Possible to send Kiwi alerts based upon CP's from Orion?

Question

I recently stood up a Kiwi server and have rules configured to email users when a node has certain syslog events. Now the users want ONLY their notifications from the devices they manage instead of all of the events.

Is there a way to tie Orion's Syslog alerting engine to use the Nodes Custom Properties and Kiwi to filter based upon a CP? For instance if a device sends an event the filter would look at Orion's CP and then based upon that would send it to the right group.

I was thinking of having the events hit the Kiwi server first then it forward the events to Orion's Syslog. Hopefully from there it can link to the CP and then decide who to email to.

I can't do this by the device IP or hostname......

mkarak · Accepted Answer

Hi,

there is a way how to achieve this using Orion but it's quite complicated. Let me try to explain.

First of all, you will need to upgrade to Orion 10.0. This version brought some improvement to syslog processing that is necessary to make this work.
To be more specific (from Release Notes of Orion 10.0):

* Orion NPM node variables are now available for use in Syslog and trap alerts.
* Forwarded Syslog messages may now be configured to retain the IP address of the original message source

Currently it is not possible in Orion to filter incoming syslogs directly by custom property but there is a workaround. You can create a rule that will change syslog type to value of requested custom property for given source node and then create one rule for each message type (each possible value of custom property) with email action to responsible people.

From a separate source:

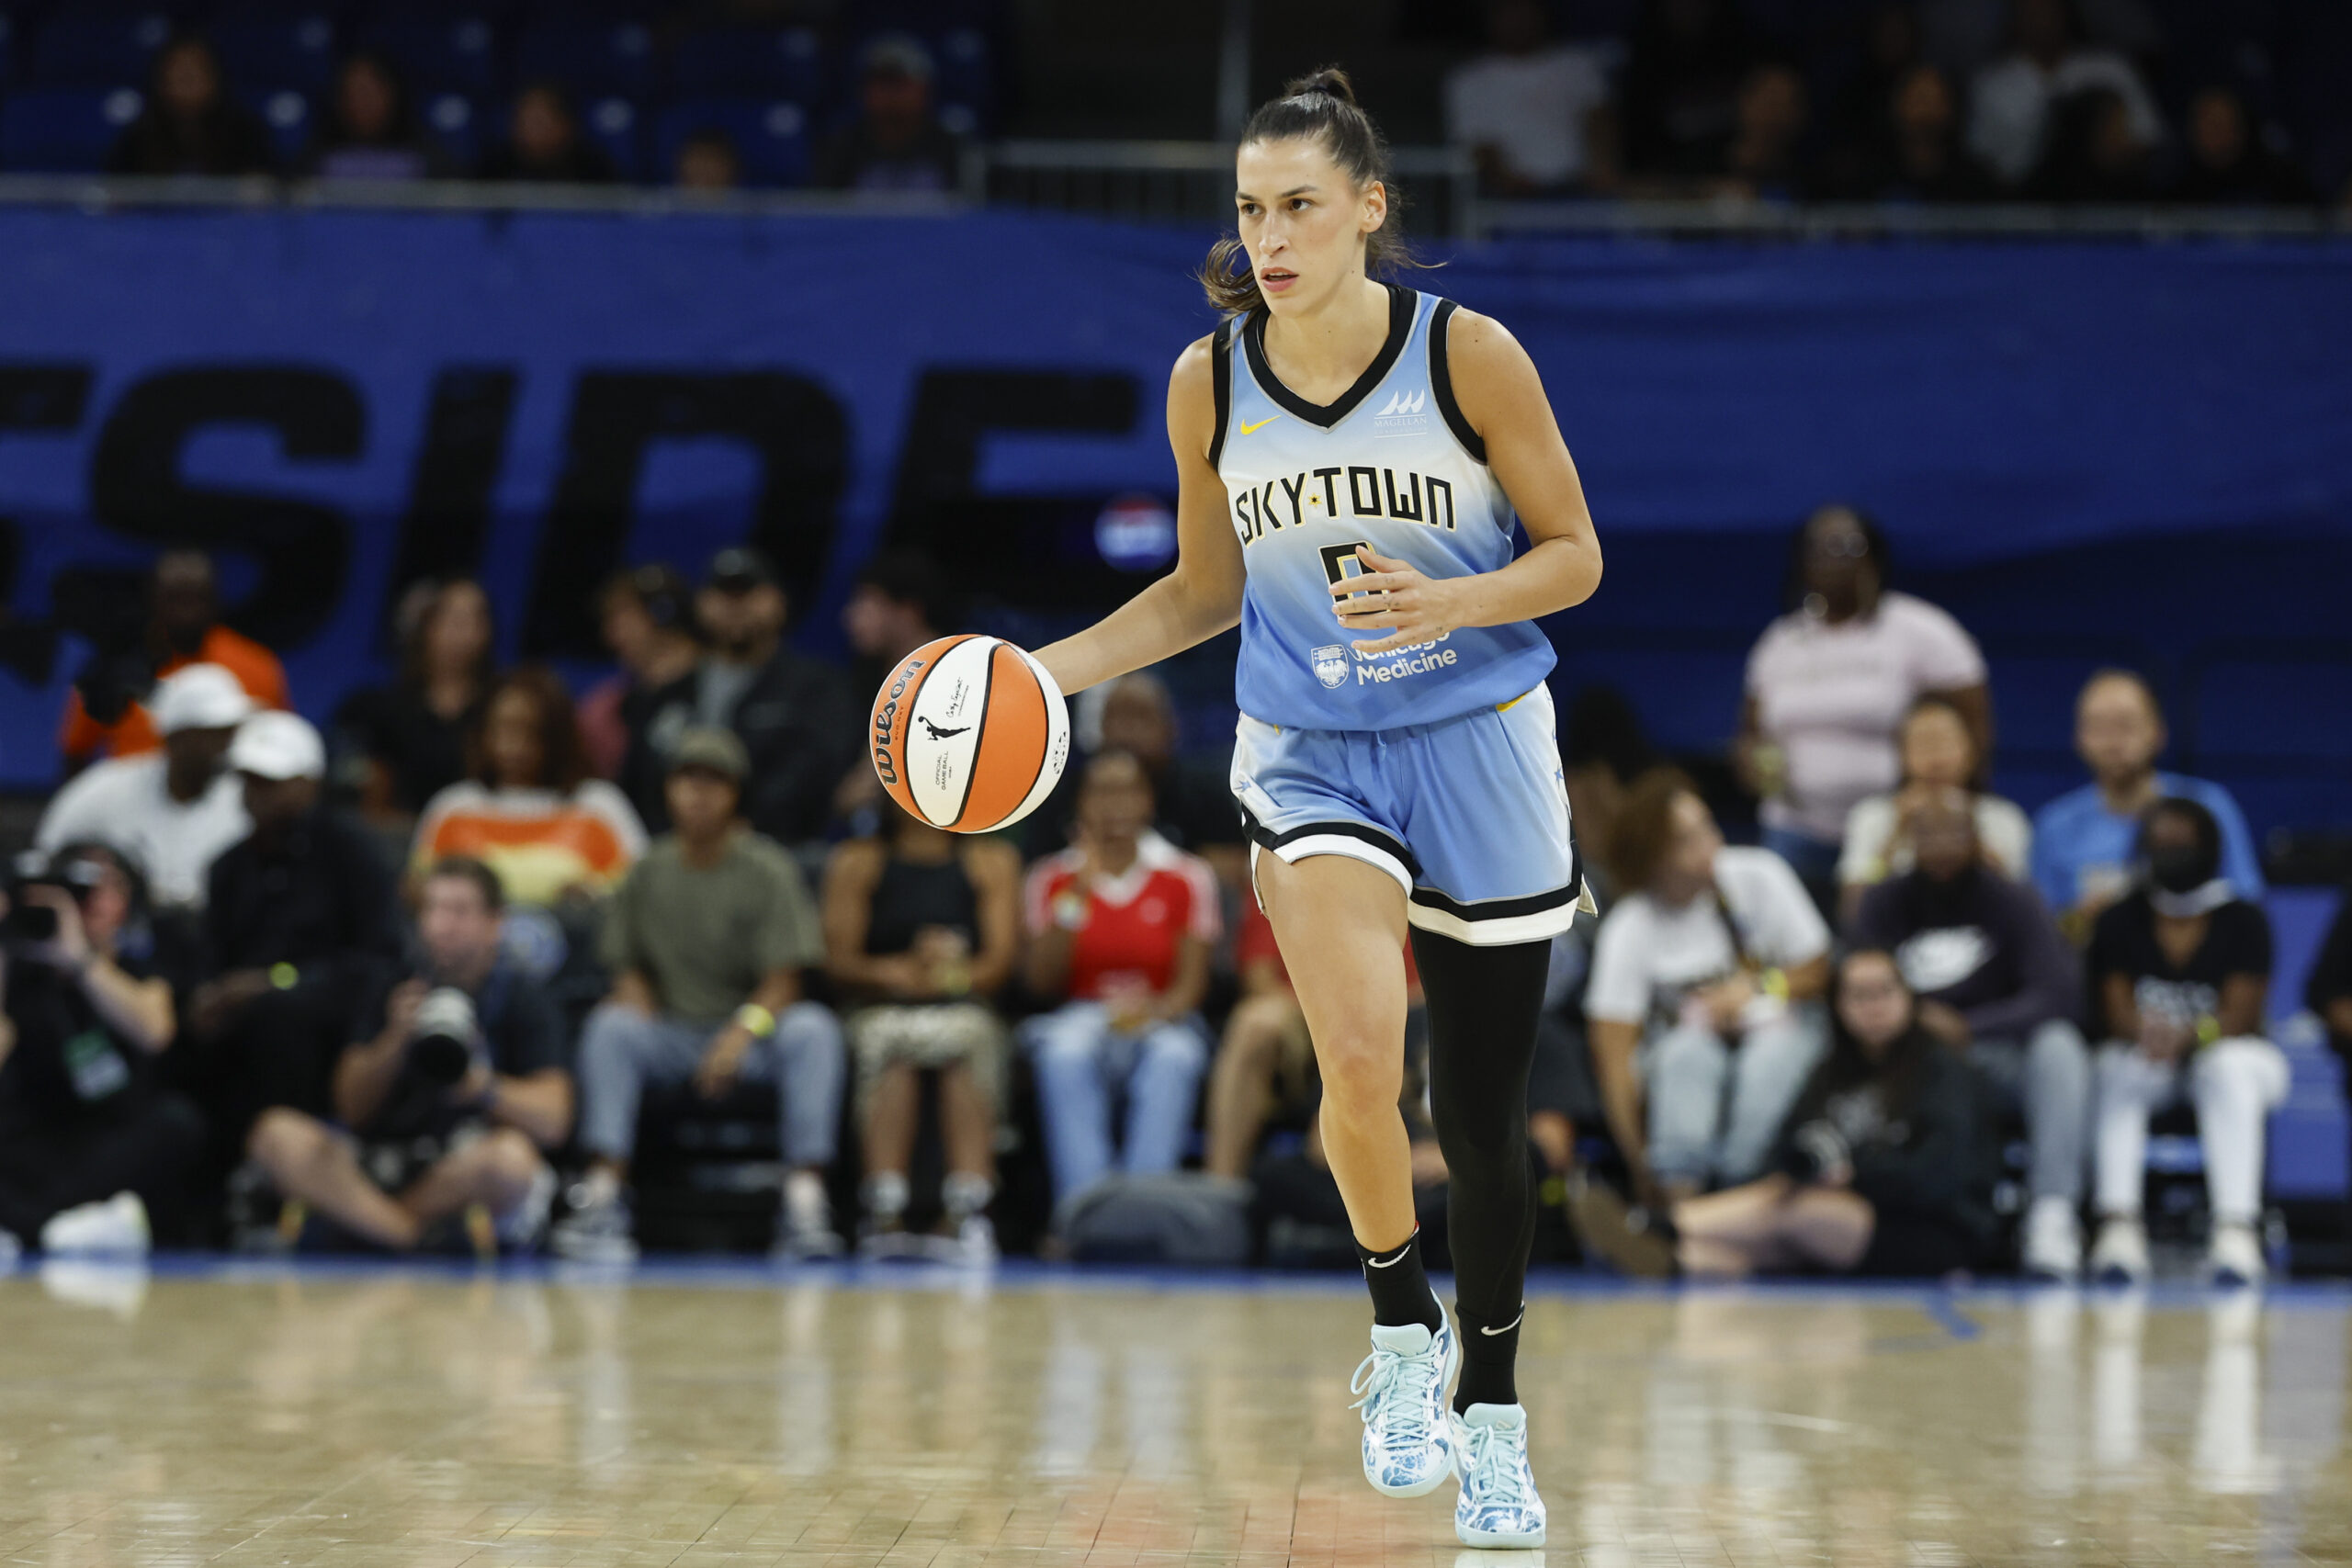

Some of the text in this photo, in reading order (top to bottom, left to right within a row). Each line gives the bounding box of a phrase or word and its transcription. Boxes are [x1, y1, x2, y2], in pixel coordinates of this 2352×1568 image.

[1374, 417, 1427, 427] MAGELLAN
[1356, 649, 1458, 685] Medicine
[876, 660, 926, 785] Wilson
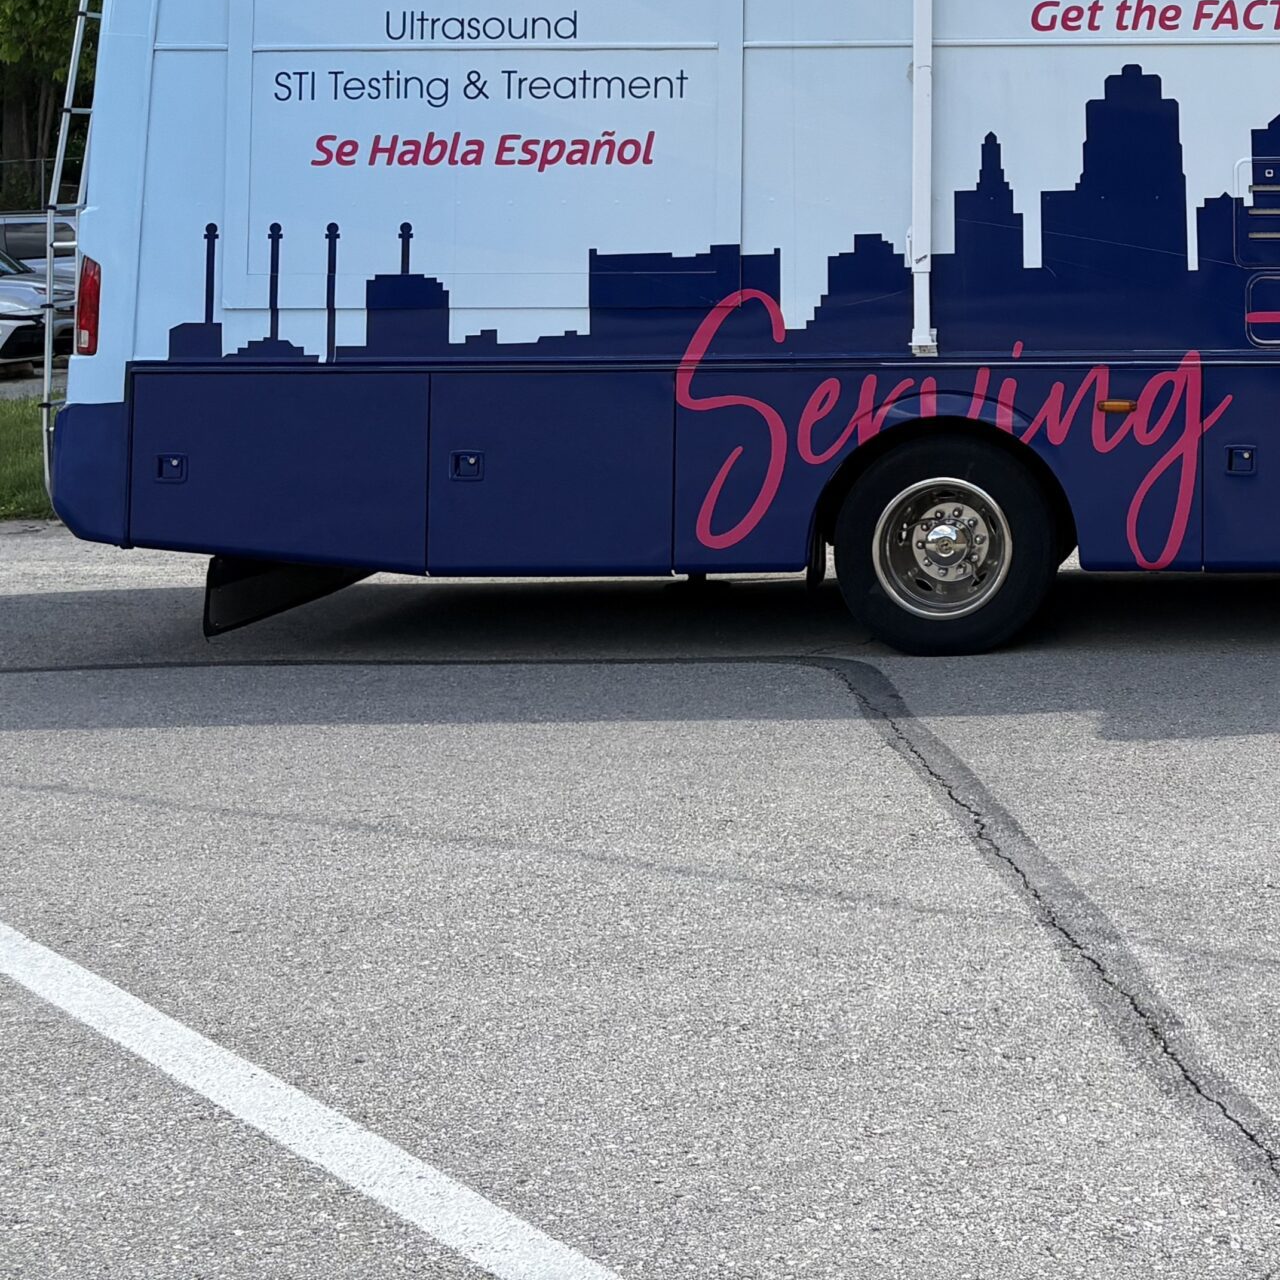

For example: I have a City custom property for nodes and I want to forward syslog messages only to person responsible for particular city. This needs to be done:

1. Create new action in Kiwi server to forward all syslog messages to Orion (do not forget to check Retain the original source address of the message checkbox)

2. In Orion Syslog Viewer create a new rule with Modify Syslog Message action called for example Change Syslog Type to City
-- Set New SysLog Message Type field to ${Nodes.City}

3. In Orion Syslog Viewer create a new rule for each possible value of City custom property
-- In Message tab change Message Type Patter to city name (e.g *Austin*)
-- Add Send E-Mail action with recipients responsible for given city

Hope this helps.

Milan